[PROBLEM TO WORK ON] Nothing but the pictures should be left out when the entries below are duplicated.

Stored data entries
Start of Block

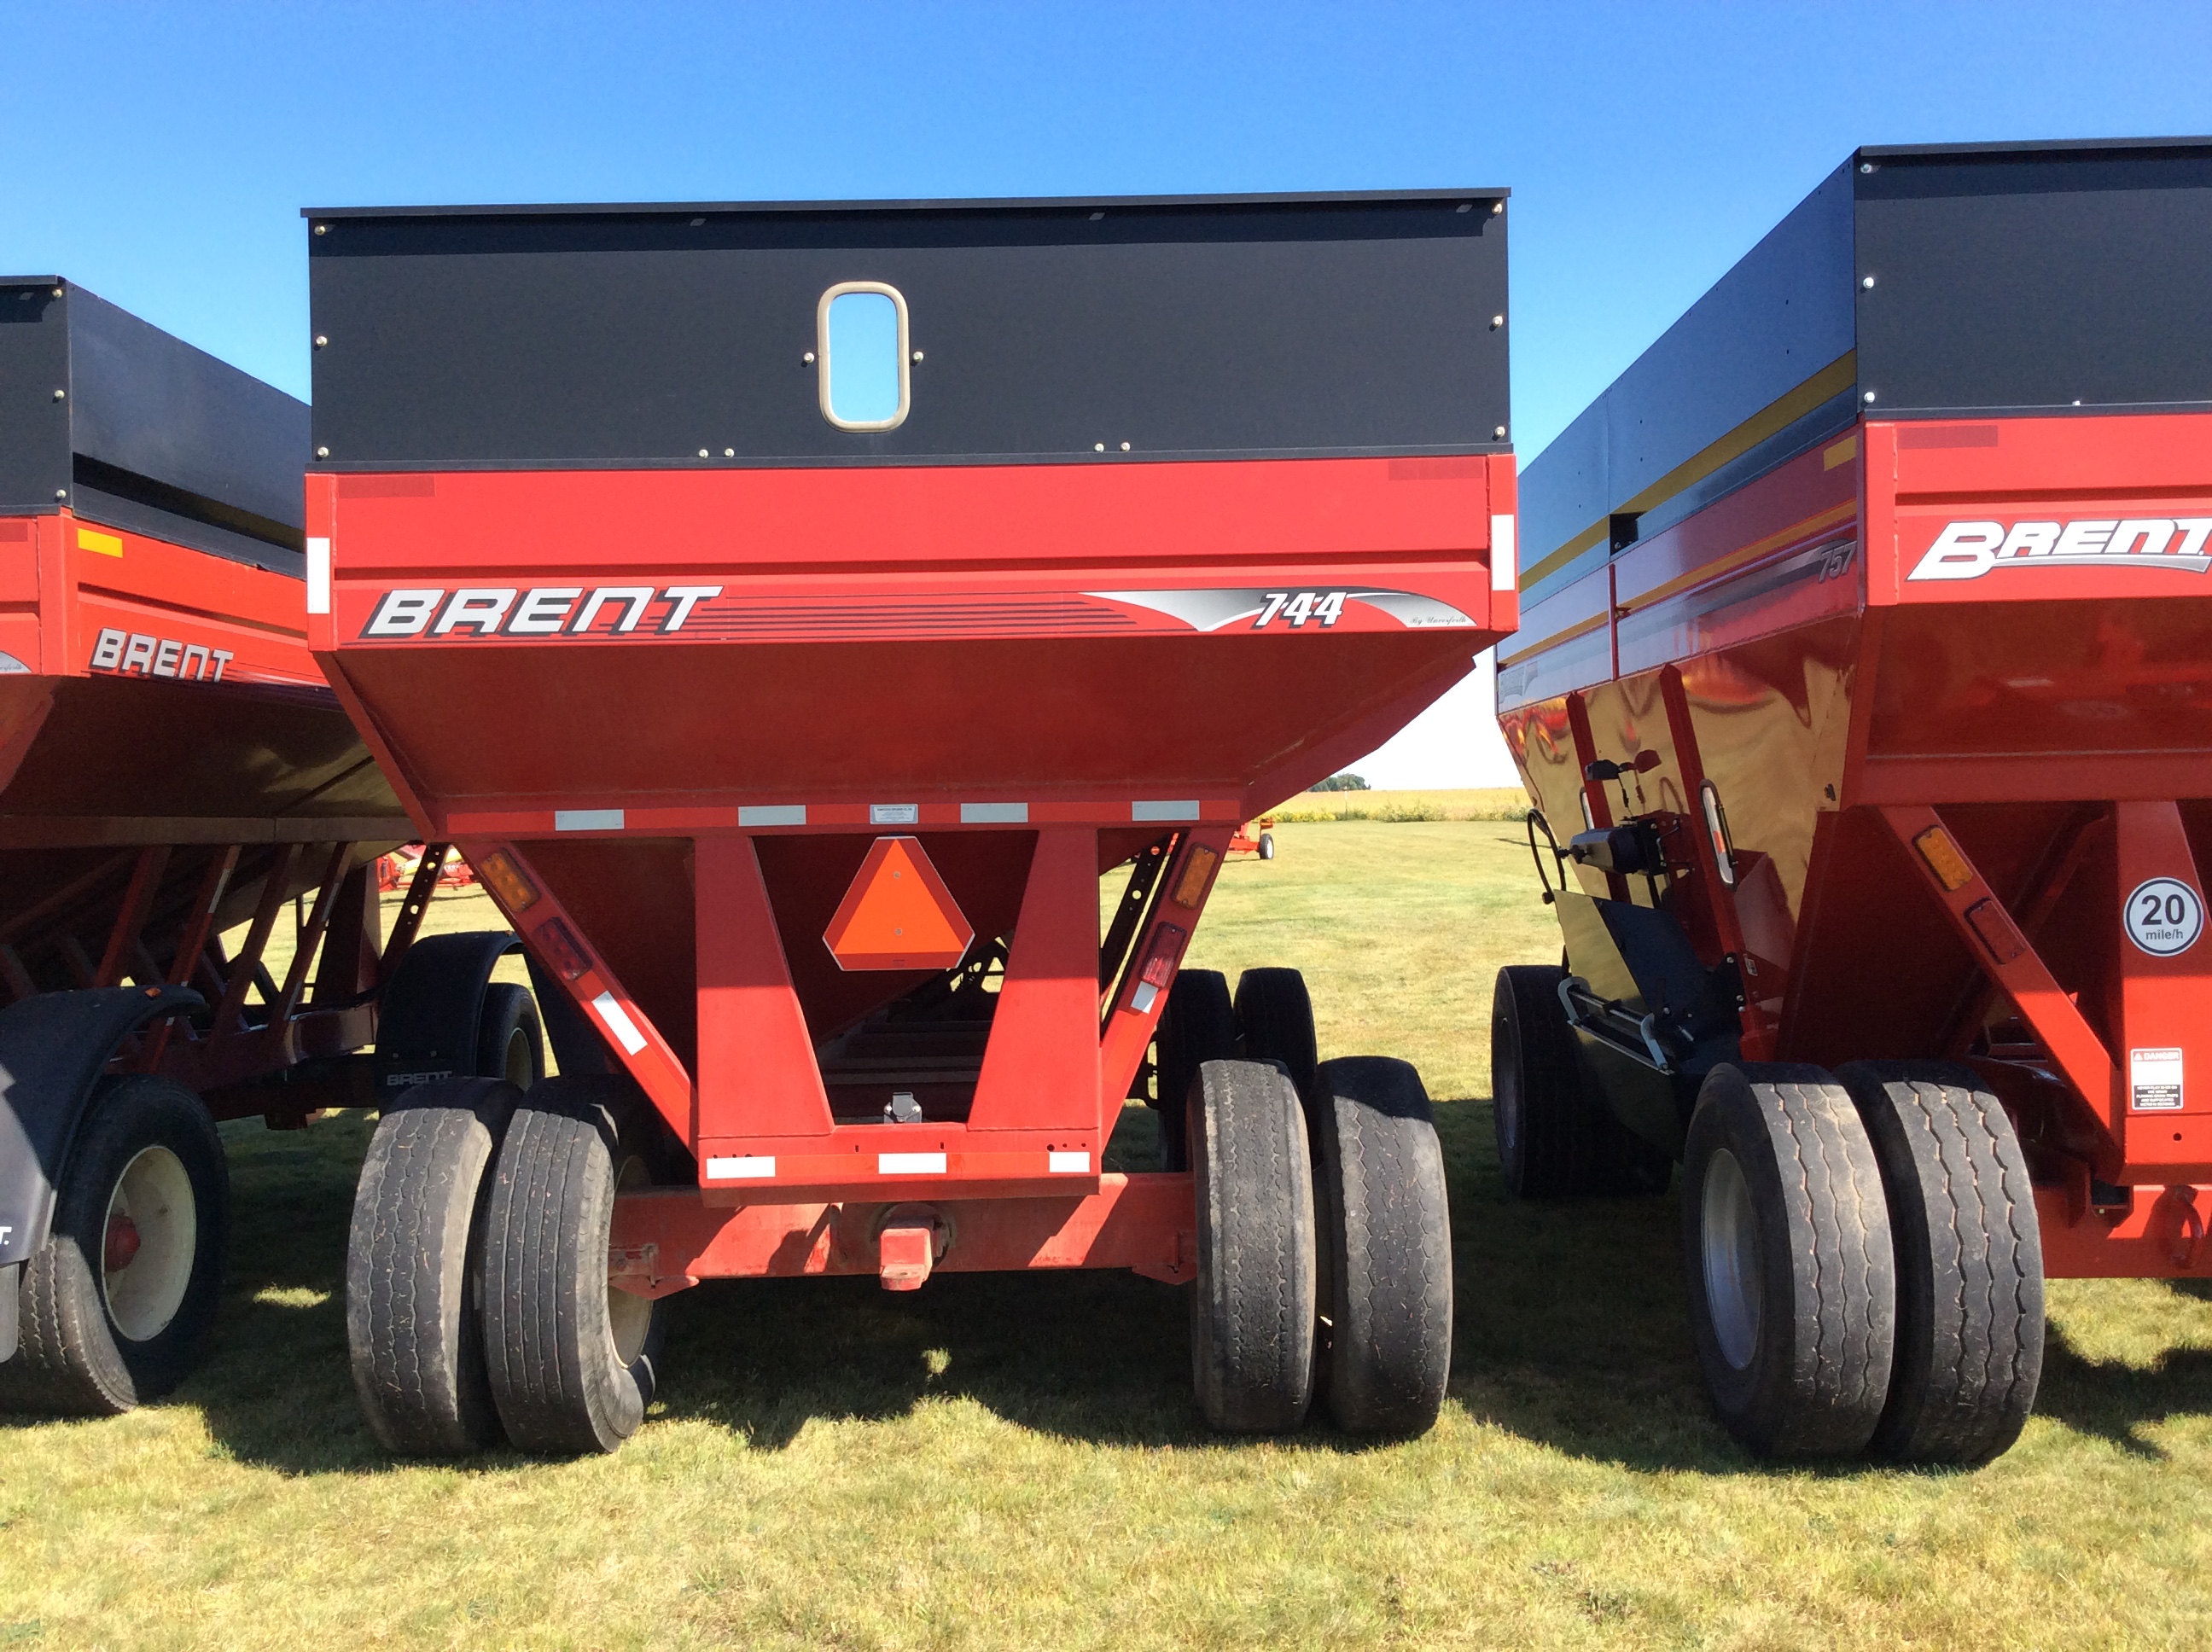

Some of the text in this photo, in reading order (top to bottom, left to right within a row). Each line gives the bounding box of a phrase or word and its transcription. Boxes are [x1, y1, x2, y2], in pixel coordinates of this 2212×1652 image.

[1819, 540, 1857, 584] 757
[1905, 516, 2212, 581] BRENT
[359, 585, 724, 637] BRENT
[1250, 591, 1348, 630] 744
[90, 627, 235, 683] BRENT
[2141, 894, 2185, 926] 20
[2145, 928, 2184, 939] mile/h
[2144, 1051, 2179, 1061] DANGER
[387, 1070, 452, 1086] BRENT

End of Block

[RESPONSE TO THIS TASK]
Some of the text in this photo, in reading order (top to bottom, left to right within a row). Each line gives the bounding box of a phrase or word and its transcription. Boxes are [x1, y1, x2, y2], in pixel coordinates of this 2212×1652 image.

[1819, 540, 1857, 584] 757
[1905, 516, 2212, 581] BRENT
[359, 585, 724, 637] BRENT
[1250, 591, 1348, 630] 744
[90, 627, 235, 683] BRENT
[2141, 894, 2185, 926] 20
[2145, 928, 2184, 939] mile/h
[2144, 1051, 2179, 1061] DANGER
[387, 1070, 452, 1086] BRENT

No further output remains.